**YOUR GOAL**
Pictures excluded, copy every record that follows exactly as it appears.

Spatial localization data
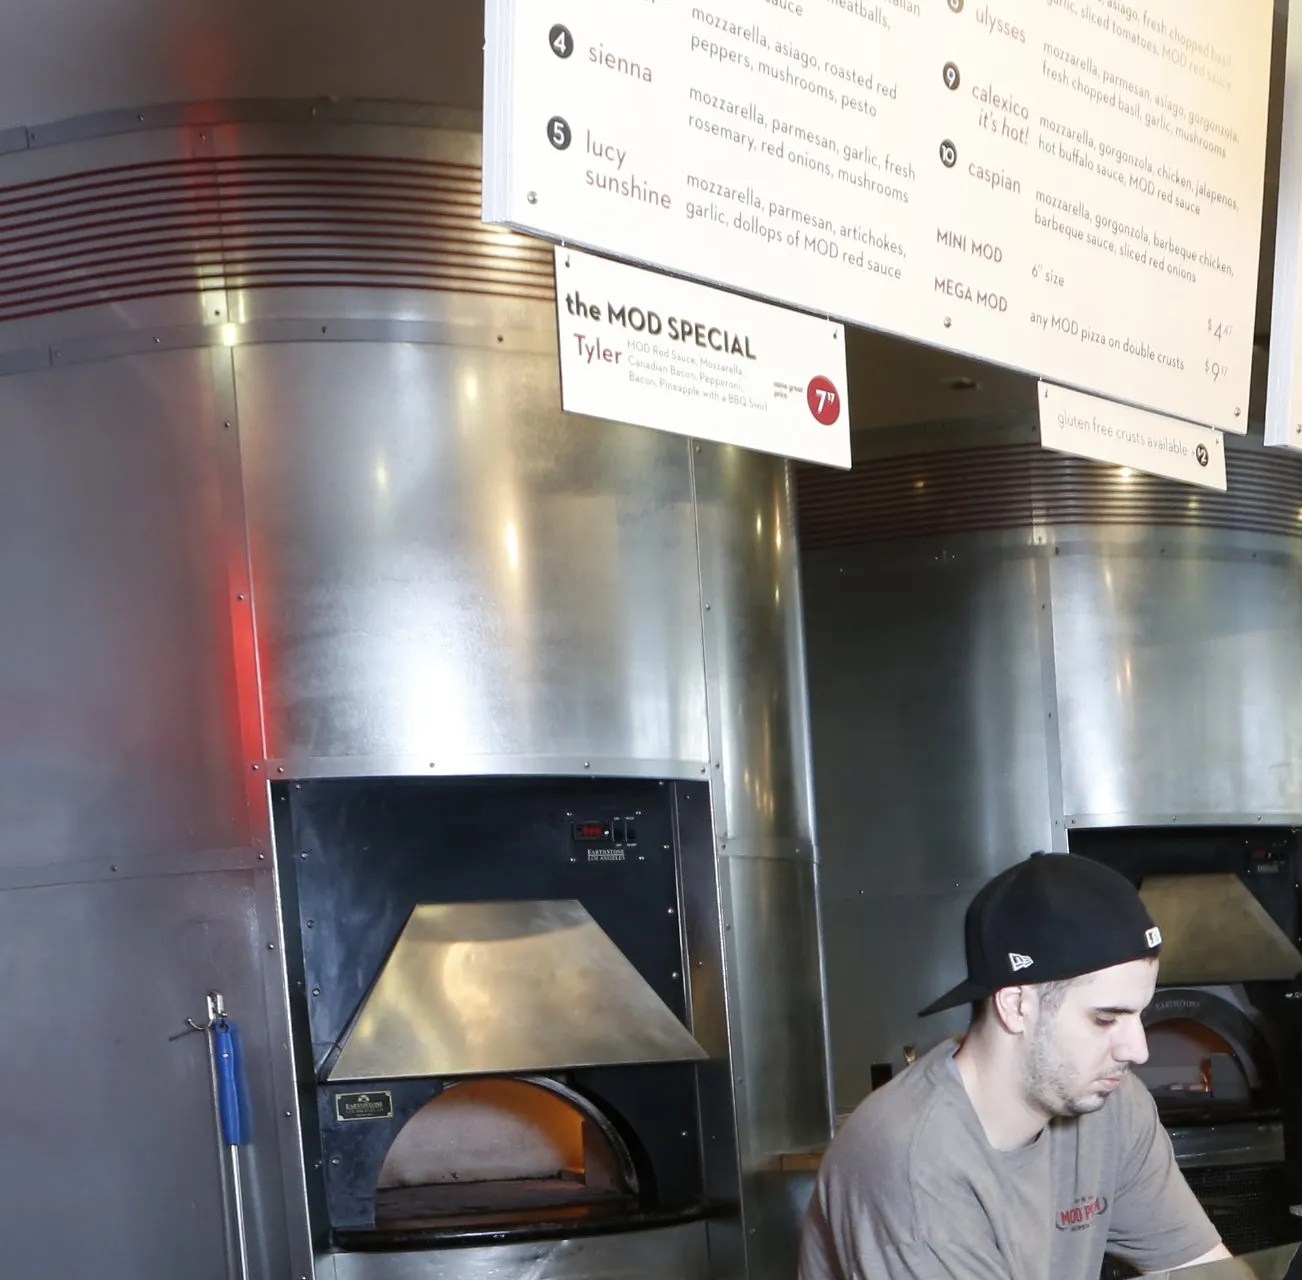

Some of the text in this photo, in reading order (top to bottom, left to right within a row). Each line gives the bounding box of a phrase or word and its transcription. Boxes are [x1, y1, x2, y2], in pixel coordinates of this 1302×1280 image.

[826, 0, 891, 31] eatballs,
[975, 5, 1026, 44] ulysses
[1143, 9, 1210, 58] fresh chopped
[589, 44, 652, 83] sienna
[692, 7, 898, 100] mozzarella, asiago, roasted red
[1080, 6, 1110, 31] sliced
[1162, 44, 1187, 68] MOD
[1188, 59, 1205, 78] red
[691, 34, 876, 118] peppers, mushrooms, pesto
[1042, 40, 1100, 78] mozzarella,
[1102, 68, 1152, 103] parmesan,
[1154, 93, 1186, 120] asiago,
[972, 81, 1029, 121] calexico
[1041, 60, 1068, 86] fresh
[1072, 76, 1116, 107] chopped
[1145, 111, 1173, 134] garlic,
[1175, 124, 1226, 160] mushrooms
[586, 130, 627, 170] lucy
[689, 86, 916, 182] mozzarella, parmesan, garlic, fresh
[1001, 120, 1030, 146] hot!
[688, 112, 909, 204] rosemary, red onions, mushrooms
[968, 162, 1021, 196] caspian
[1038, 133, 1201, 215] hot buffalo sauce, MOD red sauce
[1039, 115, 1240, 213] mozzarella, gorgonzola, chicken, jalapenos,
[585, 167, 672, 210] sunshine
[686, 172, 908, 260] mozzarella, parmesan, artichokes,
[1036, 189, 1235, 279] mozzarella, gorgonzola, barbeque chicken,
[685, 201, 903, 281] garlic, dollops of MOD red sauce
[936, 225, 1003, 263] MINI MOD
[1034, 210, 1197, 283] barbeque sauce, sliced red onions
[934, 275, 1009, 313] MEGA MOD
[1044, 269, 1065, 288] size
[566, 290, 758, 360] the MOD SPECIAL
[573, 333, 623, 364] Tyler
[627, 339, 651, 354] MOD
[1029, 311, 1185, 372] any MOD pizza on double crusts
[628, 355, 668, 374] Canadian
[702, 388, 720, 402] with
[728, 393, 748, 408] BBQ
[1057, 408, 1188, 456] gluten free crusts available
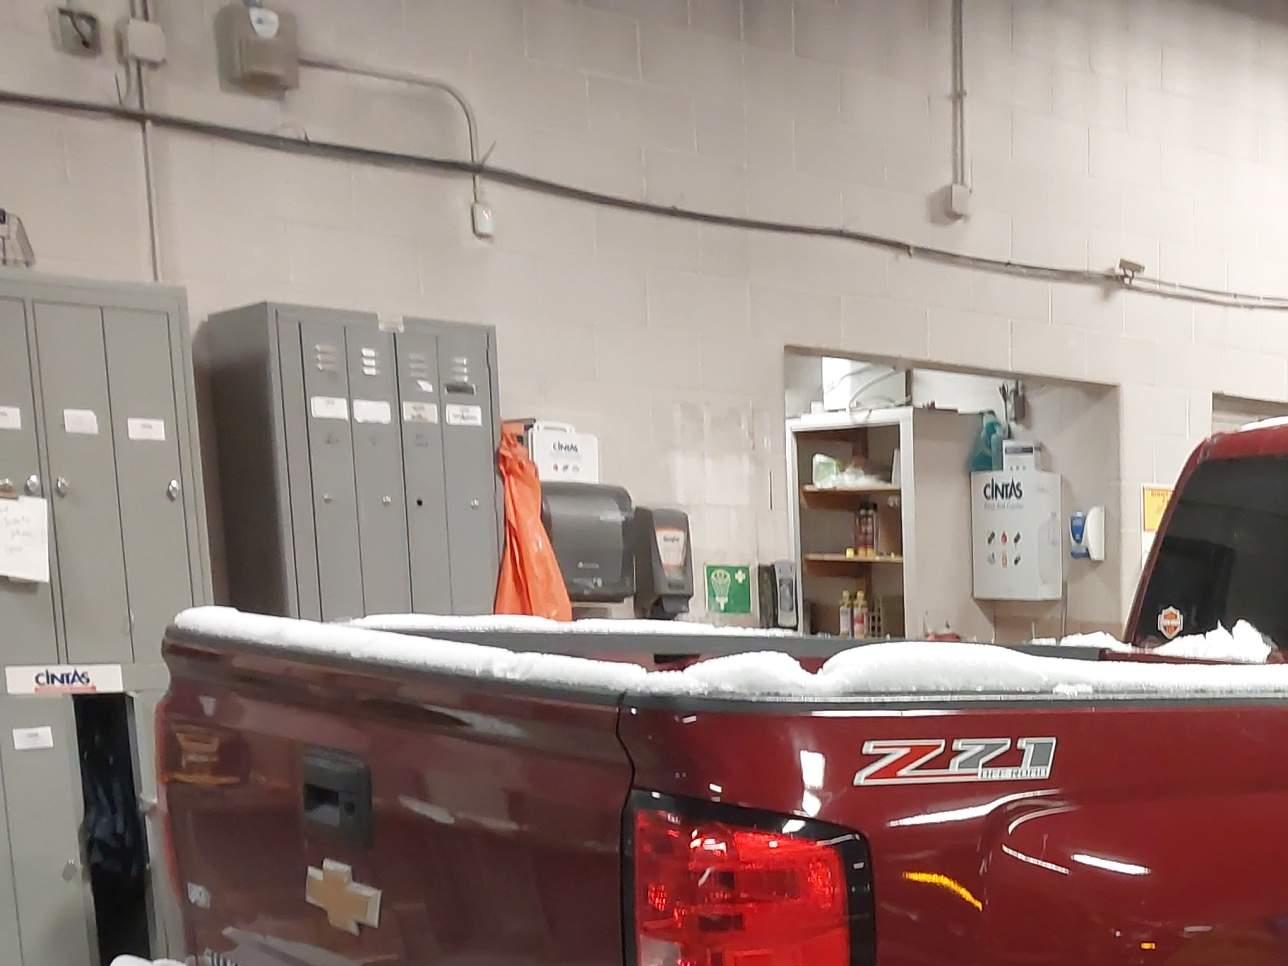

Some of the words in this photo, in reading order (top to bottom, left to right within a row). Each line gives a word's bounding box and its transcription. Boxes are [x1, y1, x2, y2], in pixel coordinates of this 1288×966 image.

[983, 476, 1023, 500] CINTAS
[34, 668, 91, 685] CINTAS
[854, 737, 1056, 786] Z71
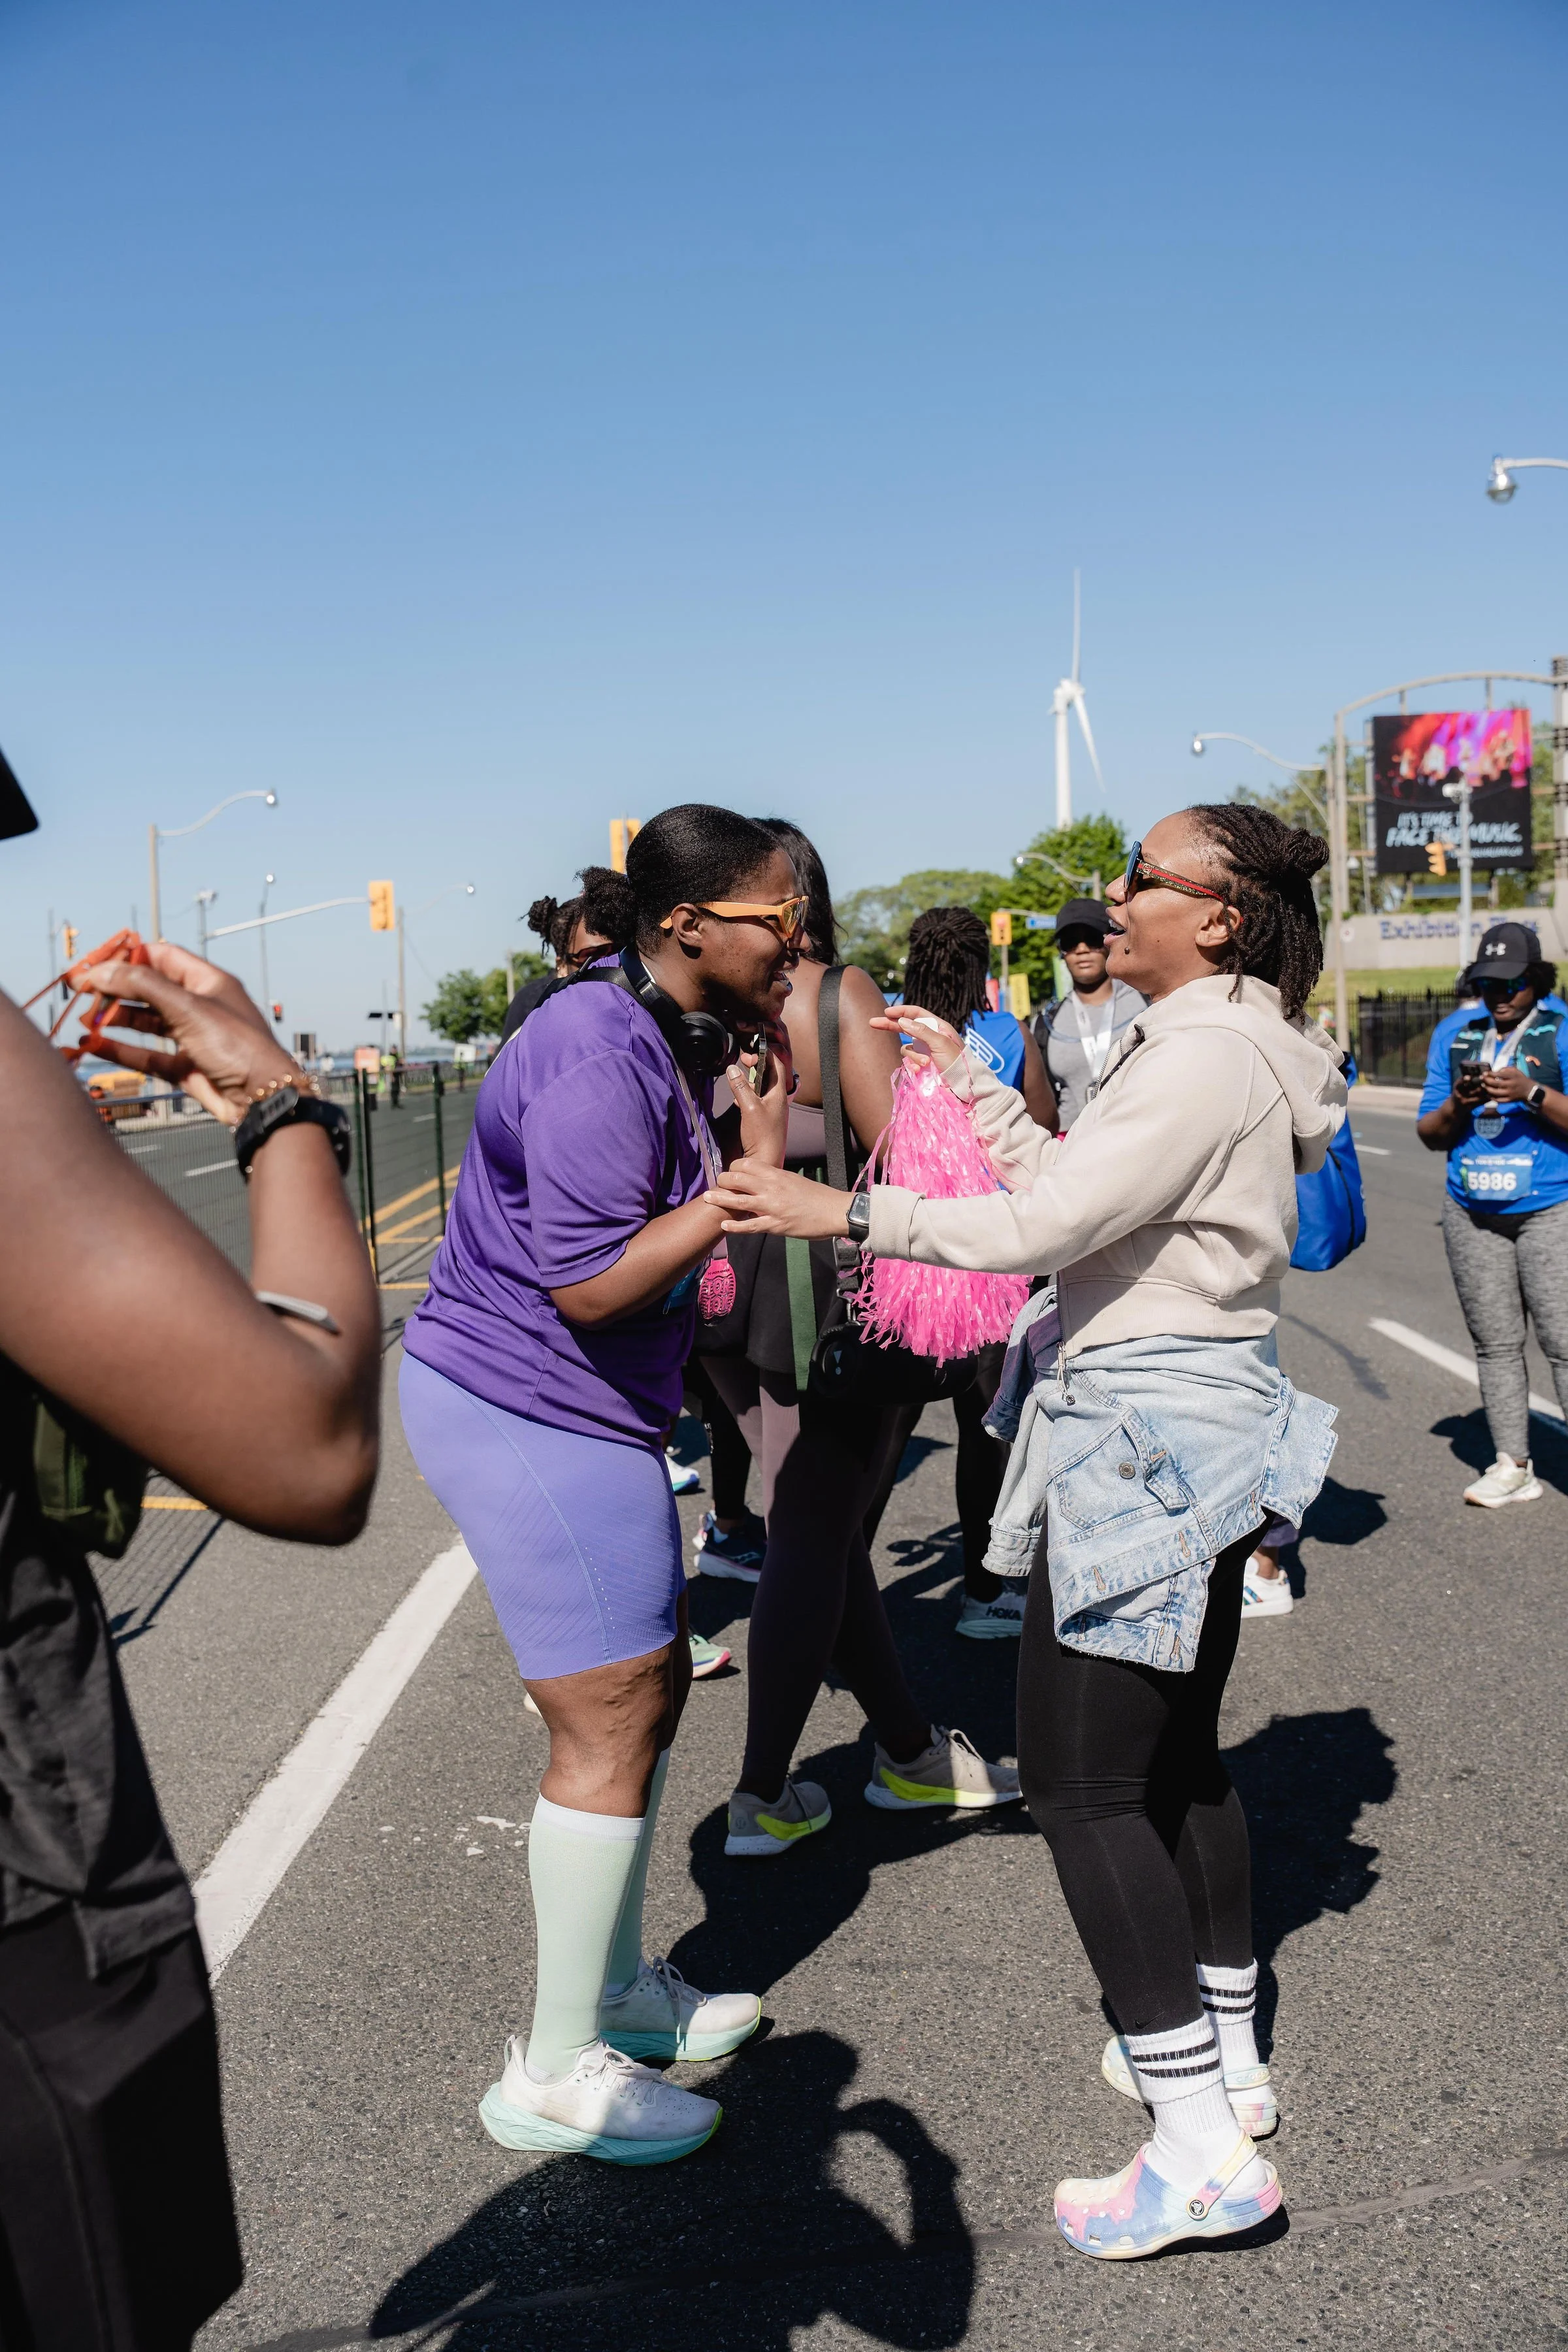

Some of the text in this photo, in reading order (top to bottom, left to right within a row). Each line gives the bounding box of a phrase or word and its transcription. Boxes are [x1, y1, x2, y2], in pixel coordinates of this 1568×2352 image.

[1386, 826, 1429, 847] FACE
[1380, 920, 1483, 939] Exhibitin
[1467, 1171, 1516, 1190] 5986
[705, 1277, 730, 1296] TOR
[985, 1606, 1021, 1621] HOKA

**SOLUTION FOR THIS EXERCISE**
Some of the text in this photo, in reading order (top to bottom, left to right within a row). Each line gives the bounding box of a phrase or word and its transcription. Boxes are [x1, y1, x2, y2], in pixel coordinates of this 1302×1280 image.

[826, 0, 891, 31] eatballs,
[975, 5, 1026, 44] ulysses
[1143, 9, 1210, 58] fresh chopped
[589, 44, 652, 83] sienna
[692, 7, 898, 100] mozzarella, asiago, roasted red
[1080, 6, 1110, 31] sliced
[1162, 44, 1187, 68] MOD
[1188, 59, 1205, 78] red
[691, 34, 876, 118] peppers, mushrooms, pesto
[1042, 40, 1100, 78] mozzarella,
[1102, 68, 1152, 103] parmesan,
[1154, 93, 1186, 120] asiago,
[972, 81, 1029, 121] calexico
[1041, 60, 1068, 86] fresh
[1072, 76, 1116, 107] chopped
[1145, 111, 1173, 134] garlic,
[1175, 124, 1226, 160] mushrooms
[586, 130, 627, 170] lucy
[689, 86, 916, 182] mozzarella, parmesan, garlic, fresh
[1001, 120, 1030, 146] hot!
[688, 112, 909, 204] rosemary, red onions, mushrooms
[968, 162, 1021, 196] caspian
[1038, 133, 1201, 215] hot buffalo sauce, MOD red sauce
[1039, 115, 1240, 213] mozzarella, gorgonzola, chicken, jalapenos,
[585, 167, 672, 210] sunshine
[686, 172, 908, 260] mozzarella, parmesan, artichokes,
[1036, 189, 1235, 279] mozzarella, gorgonzola, barbeque chicken,
[685, 201, 903, 281] garlic, dollops of MOD red sauce
[936, 225, 1003, 263] MINI MOD
[1034, 210, 1197, 283] barbeque sauce, sliced red onions
[934, 275, 1009, 313] MEGA MOD
[1044, 269, 1065, 288] size
[566, 290, 758, 360] the MOD SPECIAL
[573, 333, 623, 364] Tyler
[627, 339, 651, 354] MOD
[1029, 311, 1185, 372] any MOD pizza on double crusts
[628, 355, 668, 374] Canadian
[702, 388, 720, 402] with
[728, 393, 748, 408] BBQ
[1057, 408, 1188, 456] gluten free crusts available

Some of the words in this photo, in reading order (top to bottom, left to right within a row). Each line gives a word's bounding box and its transcription. Boxes are [x1, y1, x2, y2], in pixel coordinates of this 1288×966 image.

[983, 476, 1023, 500] CINTAS
[34, 668, 91, 685] CINTAS
[854, 737, 1056, 786] Z71

Some of the text in this photo, in reading order (top to bottom, left to right within a row). Each line gives the bounding box of a phrase or word and its transcription. Boxes are [x1, y1, x2, y2], in pixel coordinates of this 1568×2352 image.

[1386, 826, 1429, 847] FACE
[1380, 920, 1483, 939] Exhibitin
[1467, 1171, 1516, 1190] 5986
[705, 1277, 730, 1296] TOR
[985, 1606, 1021, 1621] HOKA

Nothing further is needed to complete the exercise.